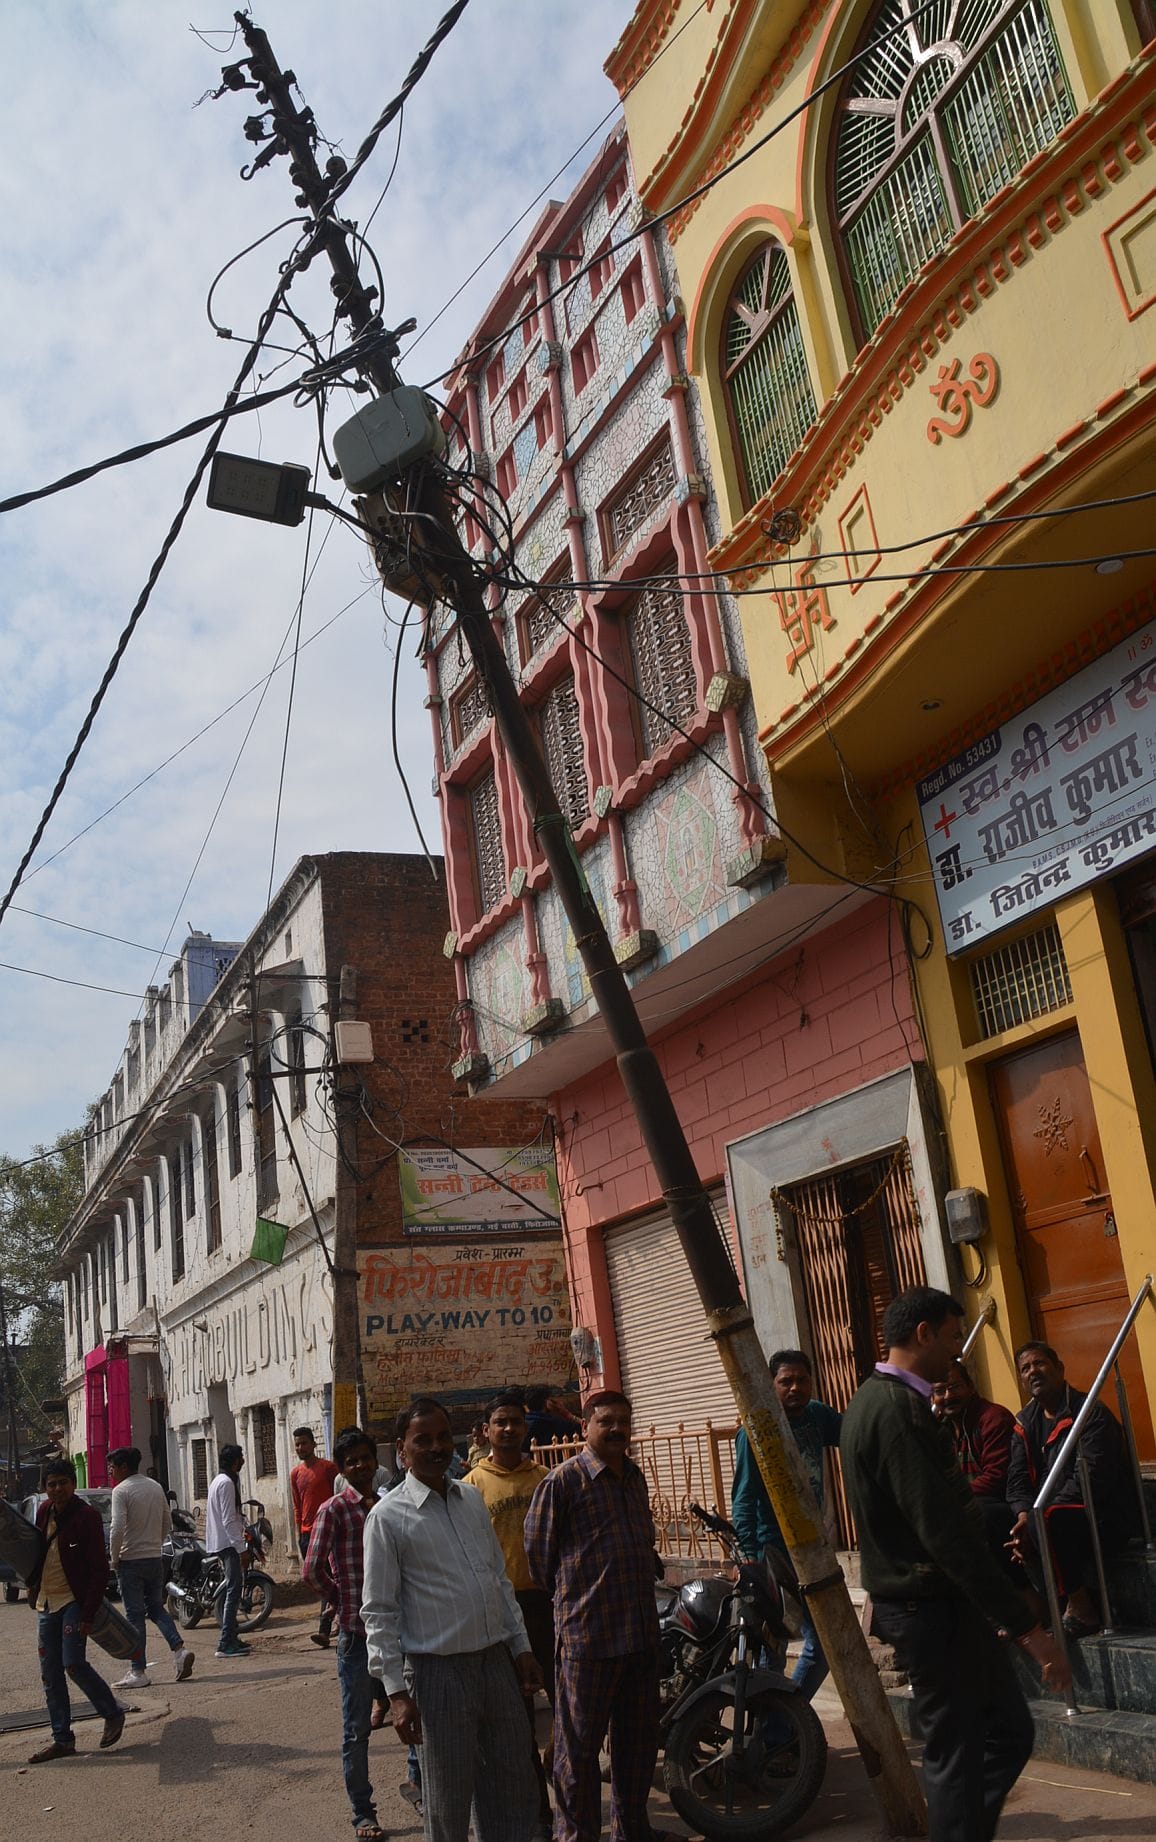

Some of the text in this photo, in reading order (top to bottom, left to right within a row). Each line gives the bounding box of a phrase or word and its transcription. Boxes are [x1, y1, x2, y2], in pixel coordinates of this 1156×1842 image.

[1055, 686, 1117, 754] राम
[920, 734, 998, 797] Regd. No. 53431
[936, 732, 1144, 892] डा. राजीव कुमार
[948, 911, 982, 941] डा.
[989, 856, 1071, 918] जितेन्द्र
[361, 1255, 531, 1306] फिरोजाबाद
[495, 1306, 526, 1328] TO
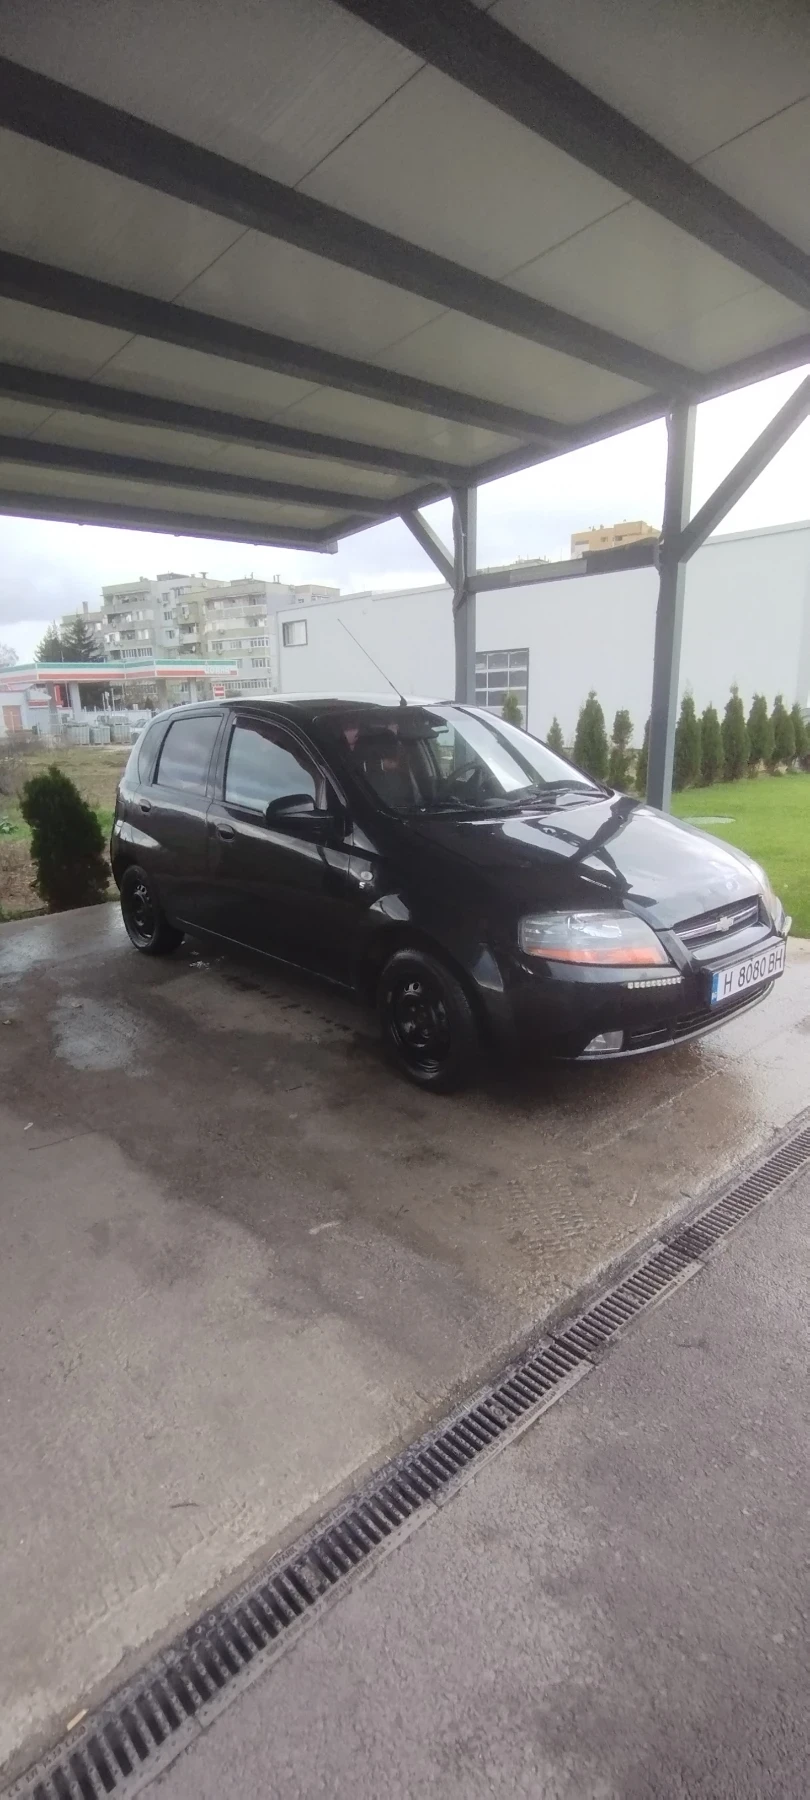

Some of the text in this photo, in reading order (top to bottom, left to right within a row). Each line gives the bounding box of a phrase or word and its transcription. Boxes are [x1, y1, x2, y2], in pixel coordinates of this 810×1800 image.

> [How to complete this task]
Without any of the pictures, set the entries down again exactly as written.

> [Solution]
Some of the text in this photo, in reading order (top to bottom, left to right within a row). Each line gives the bounding box of a phrase or word and its transcription. Boxes are [x1, y1, x2, y2], in pixel coordinates of this 1156×1842 image.

[1055, 686, 1117, 754] राम
[920, 734, 998, 797] Regd. No. 53431
[936, 732, 1144, 892] डा. राजीव कुमार
[948, 911, 982, 941] डा.
[989, 856, 1071, 918] जितेन्द्र
[361, 1255, 531, 1306] फिरोजाबाद
[495, 1306, 526, 1328] TO

Some of the text in this photo, in reading order (top to bottom, left to right within a row). Each line gives the bounding box of a phrase or word and its transcription. Boxes are [x1, y1, x2, y2], in pixel coordinates of this 810×1800 image.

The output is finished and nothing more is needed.